**Problem statement**
Output the data in full. Keep every word exact and exclude the pictures.

(Data supplied begins)

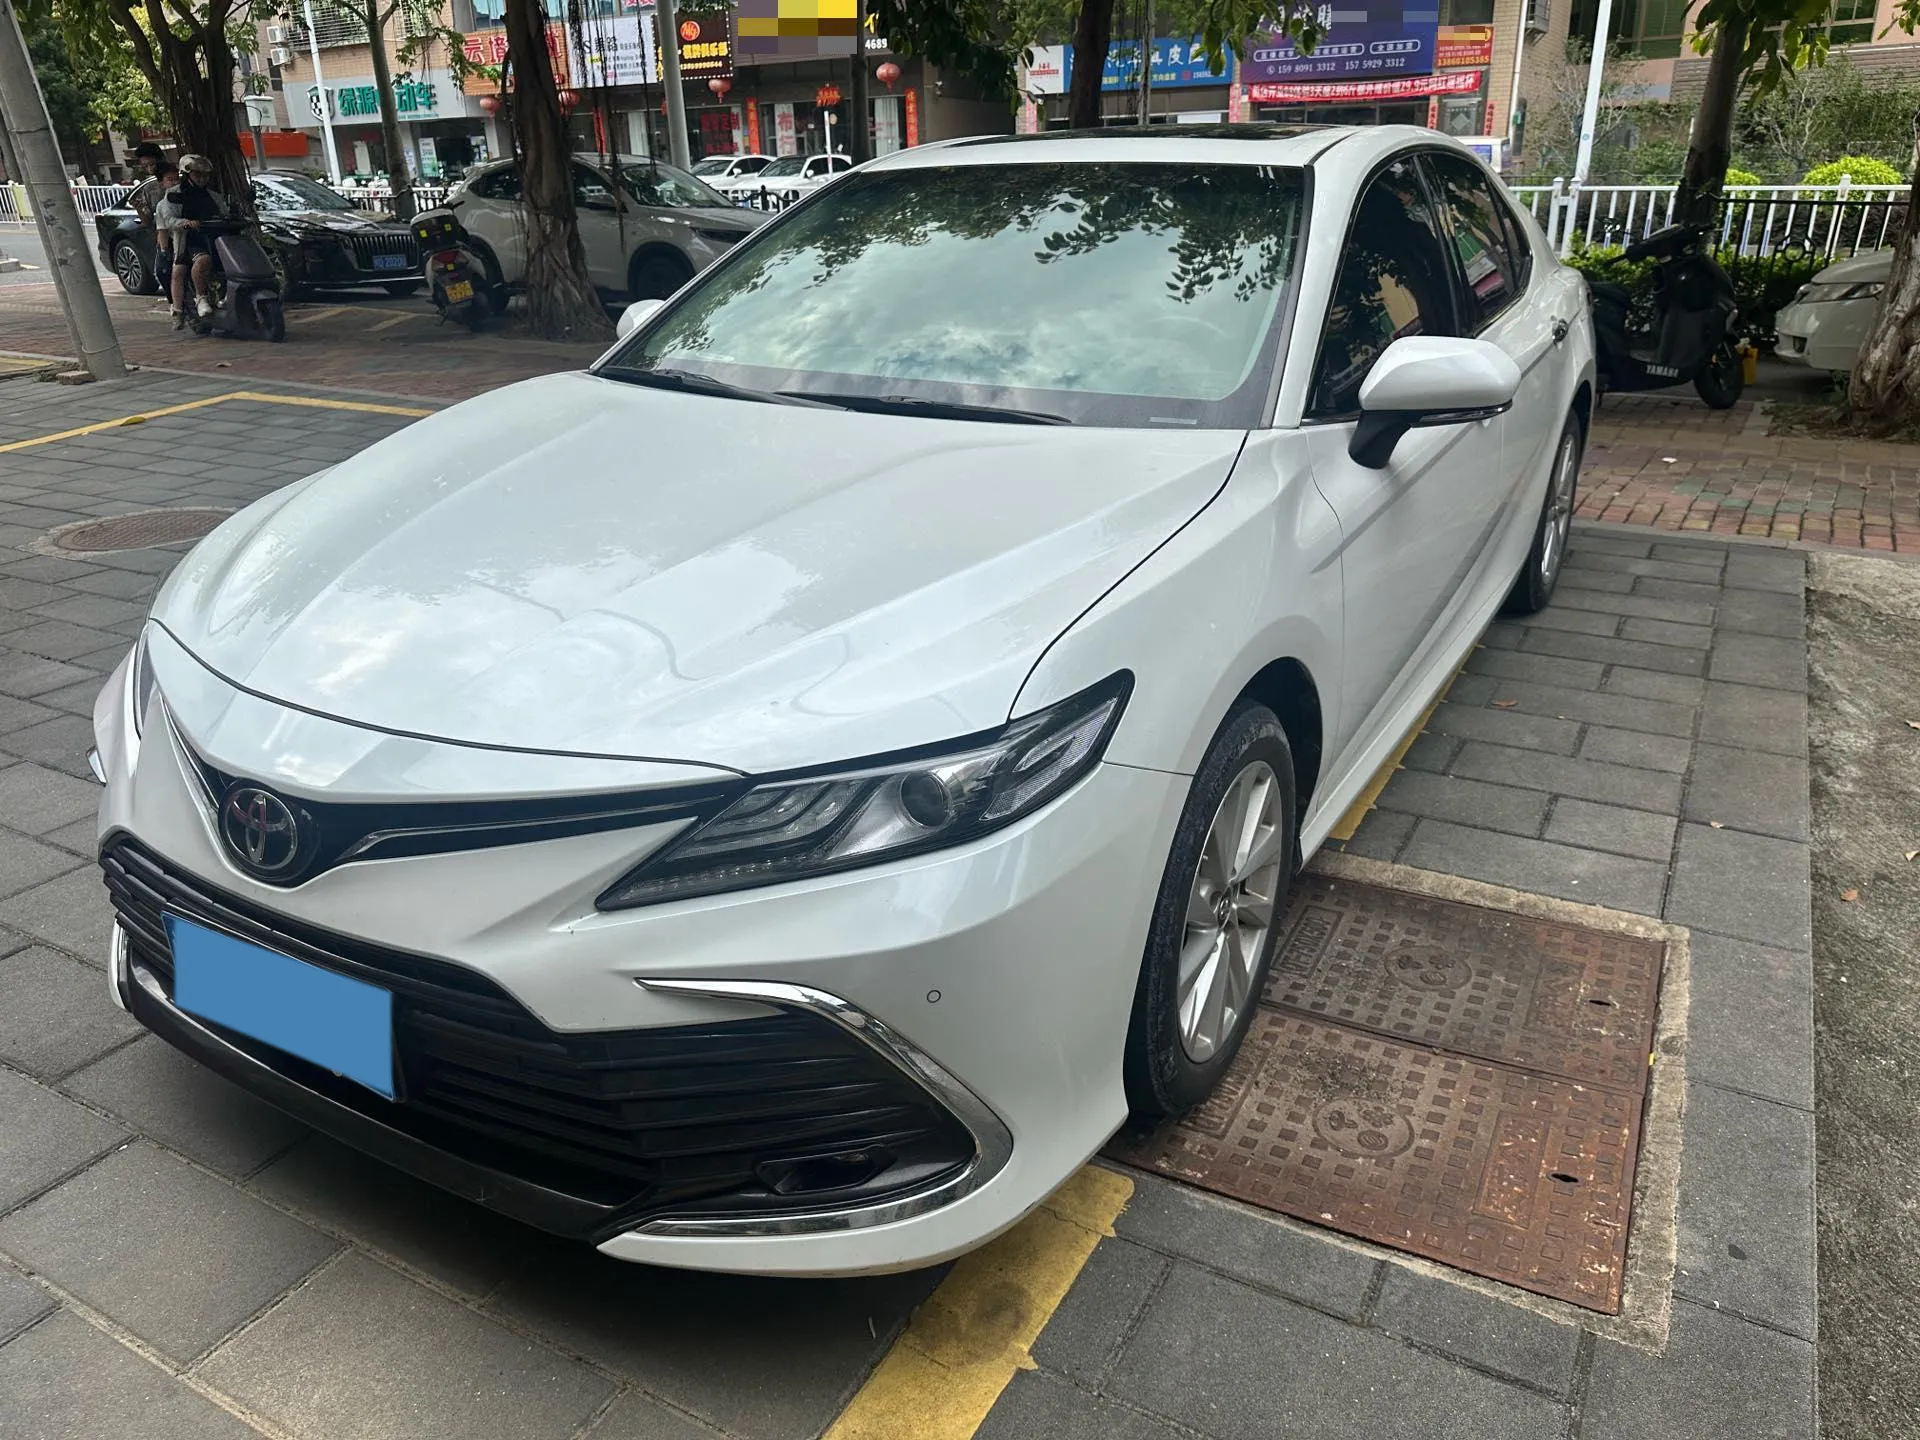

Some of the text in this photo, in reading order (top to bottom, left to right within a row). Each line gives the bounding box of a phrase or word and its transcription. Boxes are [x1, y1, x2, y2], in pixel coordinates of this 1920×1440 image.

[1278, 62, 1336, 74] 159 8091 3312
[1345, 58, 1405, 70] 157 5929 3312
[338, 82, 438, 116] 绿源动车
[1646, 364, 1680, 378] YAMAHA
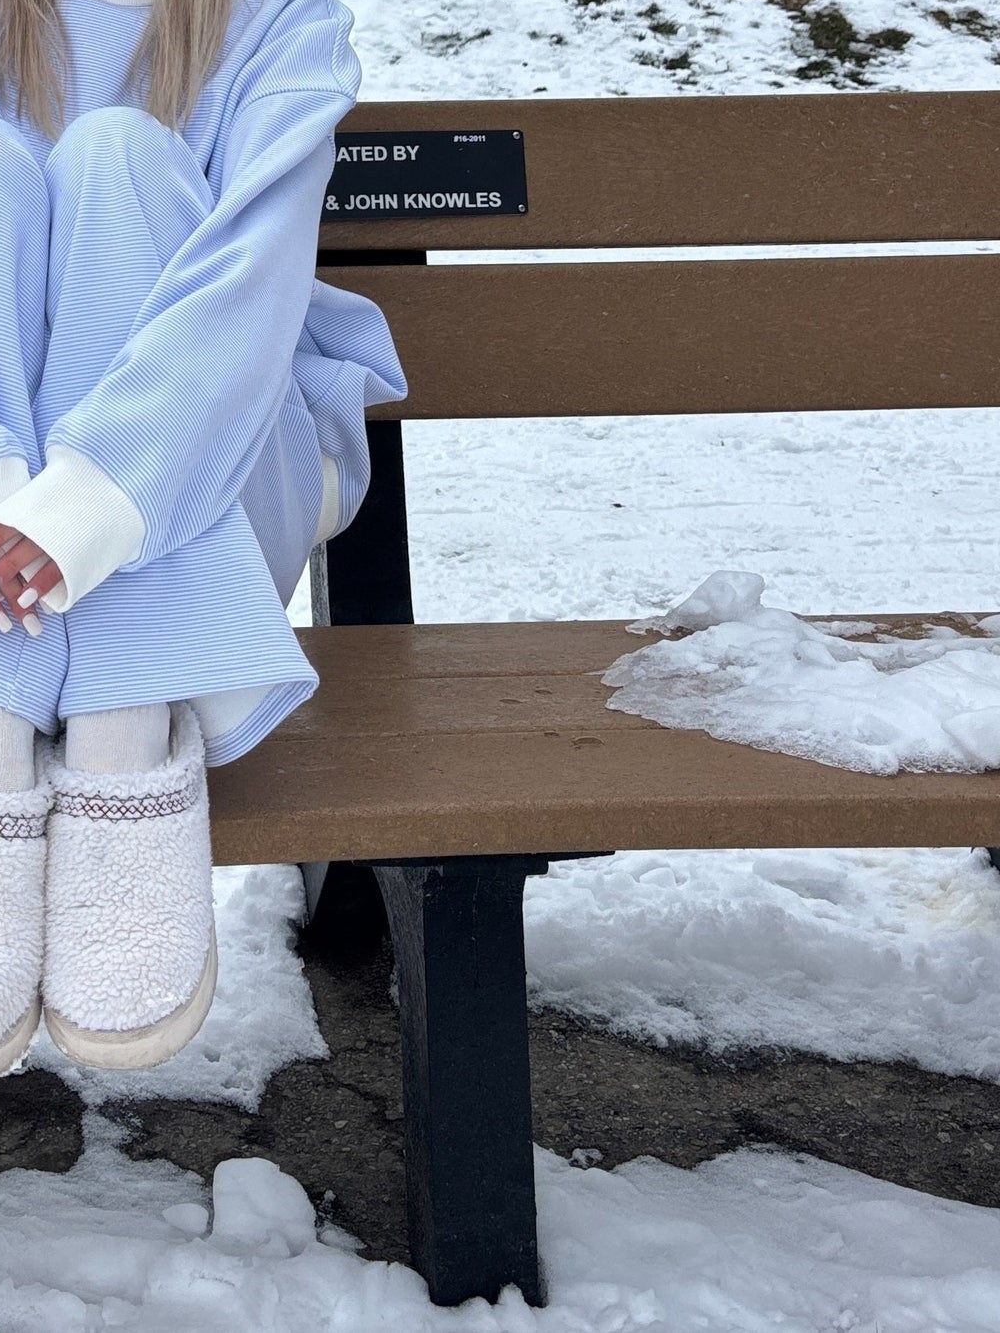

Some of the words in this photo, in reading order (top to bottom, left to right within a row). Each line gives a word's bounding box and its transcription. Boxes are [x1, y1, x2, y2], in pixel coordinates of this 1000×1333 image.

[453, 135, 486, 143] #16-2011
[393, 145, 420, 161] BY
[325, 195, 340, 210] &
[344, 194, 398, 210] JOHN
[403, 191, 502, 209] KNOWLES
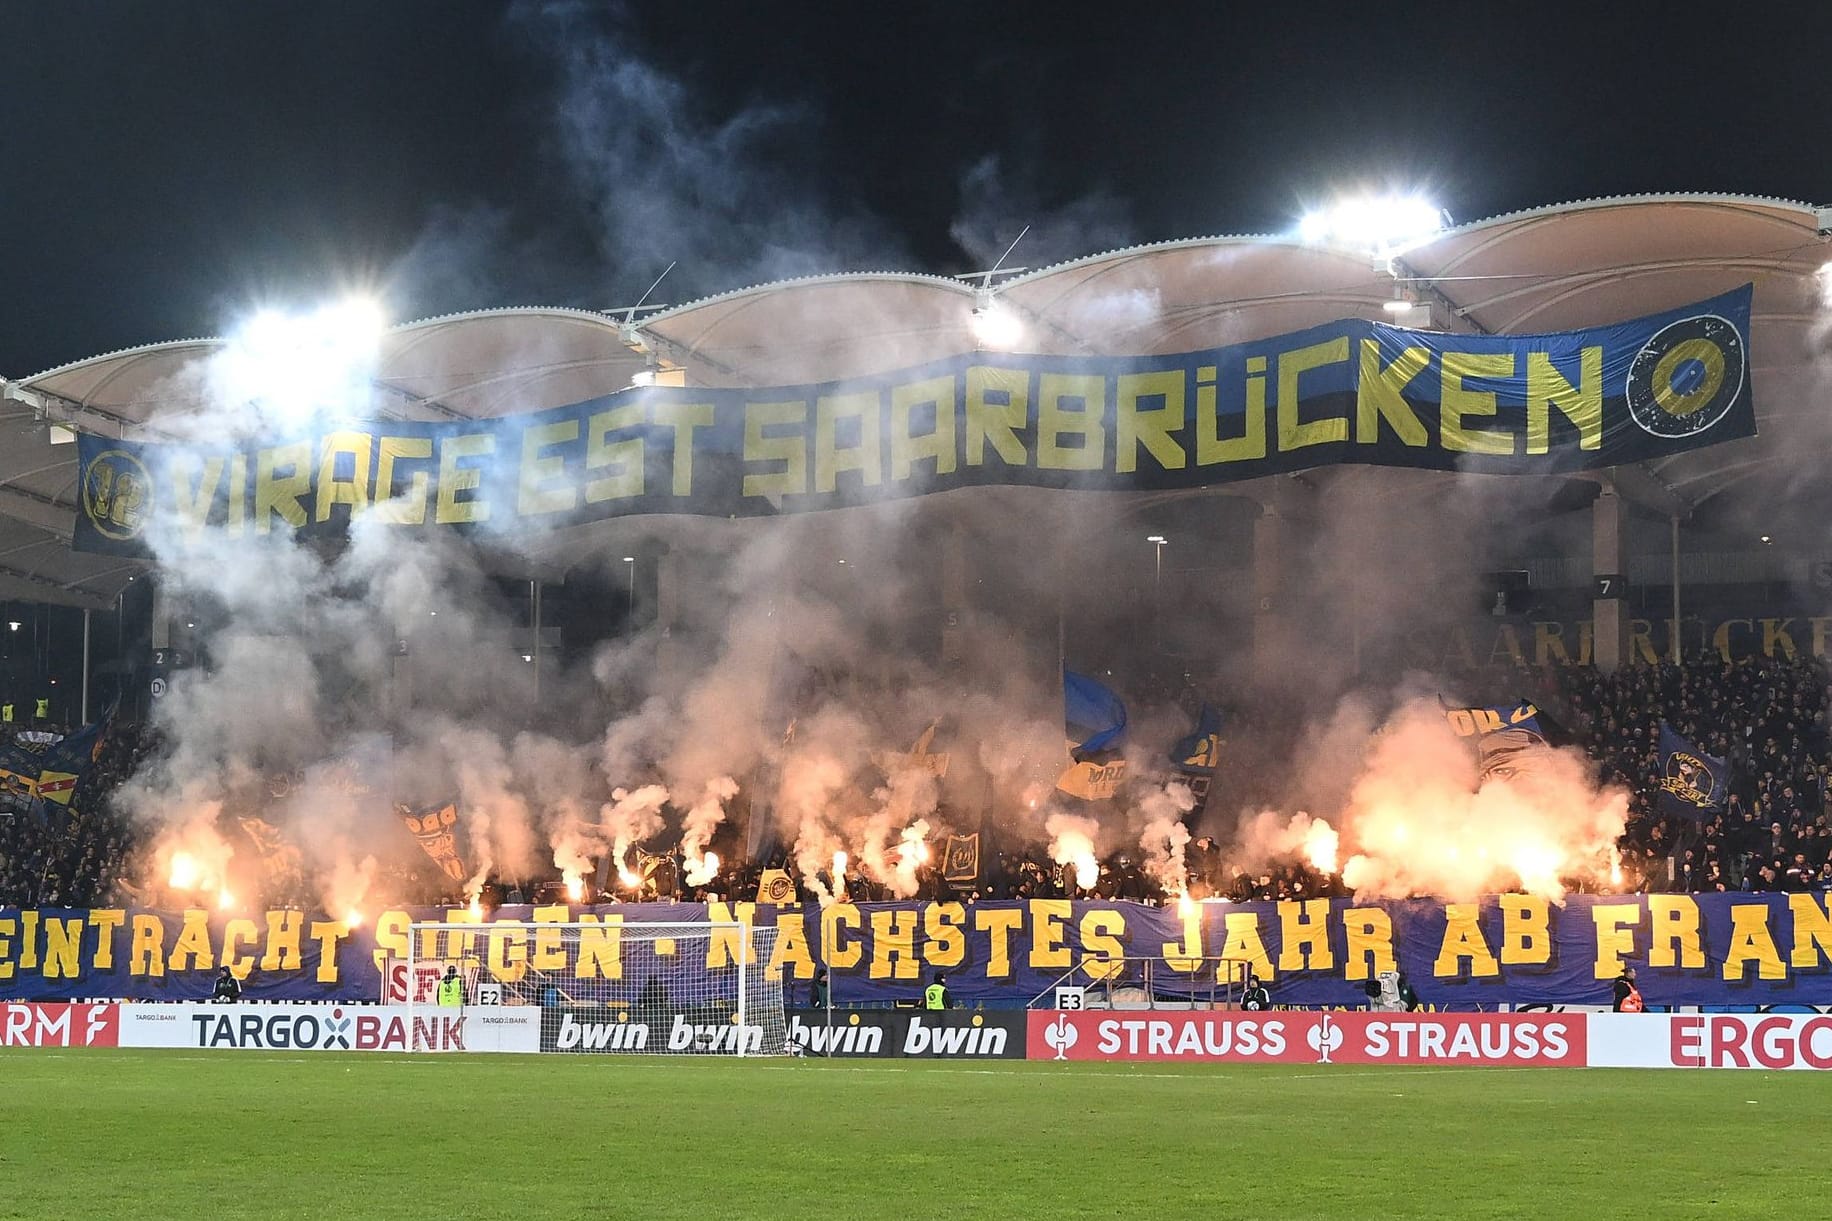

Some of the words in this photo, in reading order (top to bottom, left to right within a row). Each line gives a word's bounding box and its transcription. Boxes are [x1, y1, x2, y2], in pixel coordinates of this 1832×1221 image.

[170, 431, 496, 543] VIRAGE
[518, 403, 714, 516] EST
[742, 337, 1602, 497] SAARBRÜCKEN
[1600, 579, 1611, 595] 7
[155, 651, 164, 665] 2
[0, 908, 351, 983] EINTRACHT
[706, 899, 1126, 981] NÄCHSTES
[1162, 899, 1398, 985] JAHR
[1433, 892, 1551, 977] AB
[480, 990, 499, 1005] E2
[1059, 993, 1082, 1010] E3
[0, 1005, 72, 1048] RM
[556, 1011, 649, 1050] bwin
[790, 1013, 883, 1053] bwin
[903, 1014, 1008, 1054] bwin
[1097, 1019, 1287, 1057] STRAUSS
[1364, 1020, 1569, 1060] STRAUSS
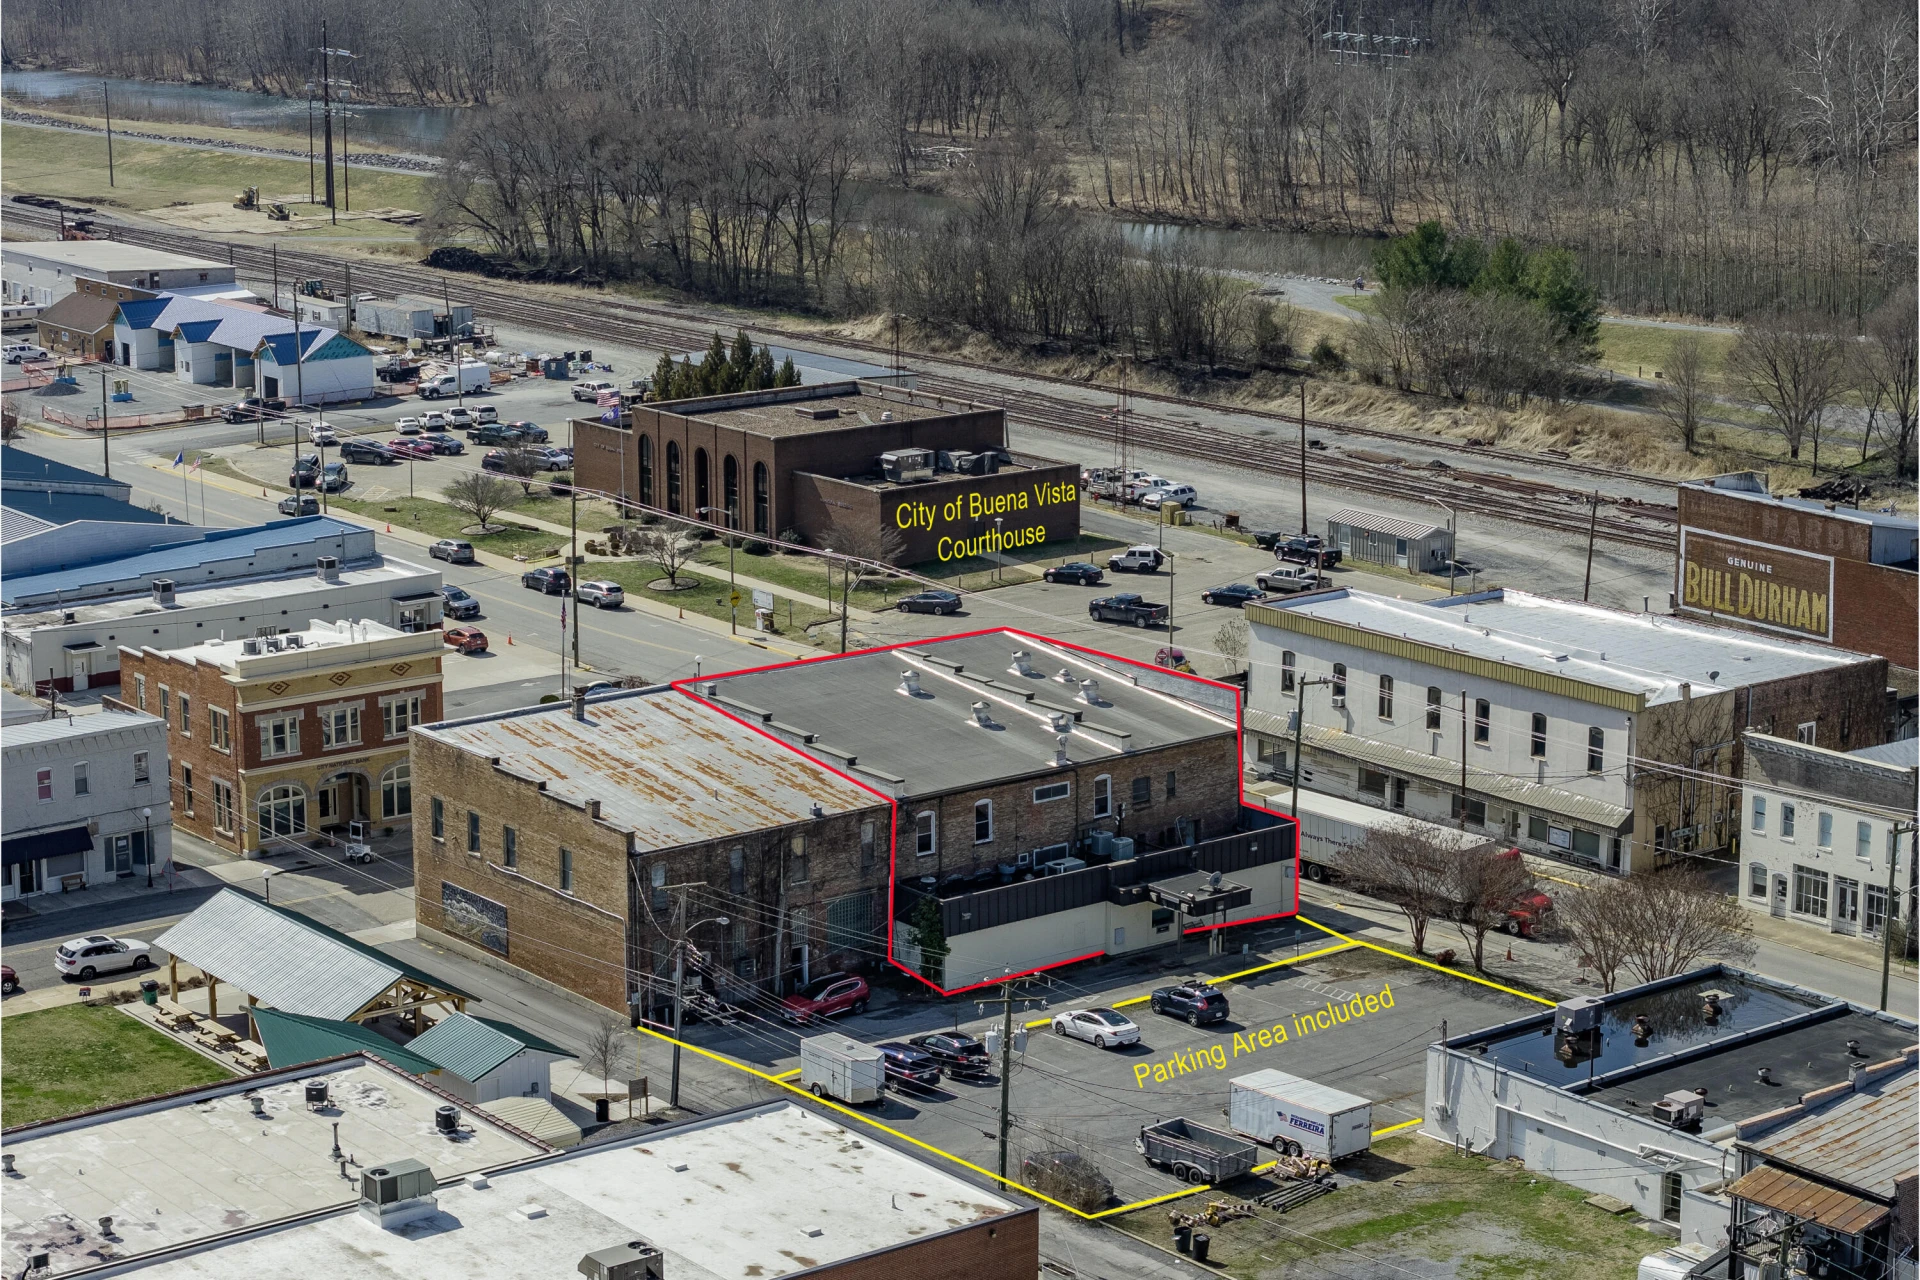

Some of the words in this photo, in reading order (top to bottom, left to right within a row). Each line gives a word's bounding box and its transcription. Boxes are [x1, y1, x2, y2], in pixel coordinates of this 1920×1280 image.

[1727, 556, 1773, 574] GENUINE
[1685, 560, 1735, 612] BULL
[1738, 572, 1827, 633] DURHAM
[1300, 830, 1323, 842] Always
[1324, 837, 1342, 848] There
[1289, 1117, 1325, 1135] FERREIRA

(Data supplied ends)

**Exercise output**
Some of the text in this photo, in reading order (top to bottom, left to right within a row). Each line gives the bounding box of a phrase or word and its transcription. Boxes are [x1, y1, x2, y2], in pixel coordinates of this 1920×1440 image.

[1278, 62, 1336, 74] 159 8091 3312
[1345, 58, 1405, 70] 157 5929 3312
[338, 82, 438, 116] 绿源动车
[1646, 364, 1680, 378] YAMAHA

Some of the words in this photo, in reading order (top to bottom, left to right within a row). Each line gives a word's bounding box and its transcription. Boxes are [x1, y1, x2, y2], in pixel coordinates of this 1000×1333 image.

[453, 135, 486, 143] #16-2011
[393, 145, 420, 161] BY
[325, 195, 340, 210] &
[344, 194, 398, 210] JOHN
[403, 191, 502, 209] KNOWLES

Some of the words in this photo, in reading order (top to bottom, left to right within a row). Each line gives a word's bounding box and its transcription. Boxes are [x1, y1, x2, y2], in pixel coordinates of this 1832×1221 image.

[170, 431, 496, 543] VIRAGE
[518, 403, 714, 516] EST
[742, 337, 1602, 497] SAARBRÜCKEN
[1600, 579, 1611, 595] 7
[155, 651, 164, 665] 2
[0, 908, 351, 983] EINTRACHT
[706, 899, 1126, 981] NÄCHSTES
[1162, 899, 1398, 985] JAHR
[1433, 892, 1551, 977] AB
[480, 990, 499, 1005] E2
[1059, 993, 1082, 1010] E3
[0, 1005, 72, 1048] RM
[556, 1011, 649, 1050] bwin
[790, 1013, 883, 1053] bwin
[903, 1014, 1008, 1054] bwin
[1097, 1019, 1287, 1057] STRAUSS
[1364, 1020, 1569, 1060] STRAUSS

Some of the words in this photo, in reading order (top to bottom, left to right within a row). Each line gives a word's bounding box and its transcription. Boxes are [x1, y1, x2, y2], in pixel coordinates of this 1920×1280 image.

[1727, 556, 1773, 574] GENUINE
[1685, 560, 1735, 612] BULL
[1738, 572, 1827, 633] DURHAM
[1300, 830, 1323, 842] Always
[1324, 837, 1342, 848] There
[1289, 1117, 1325, 1135] FERREIRA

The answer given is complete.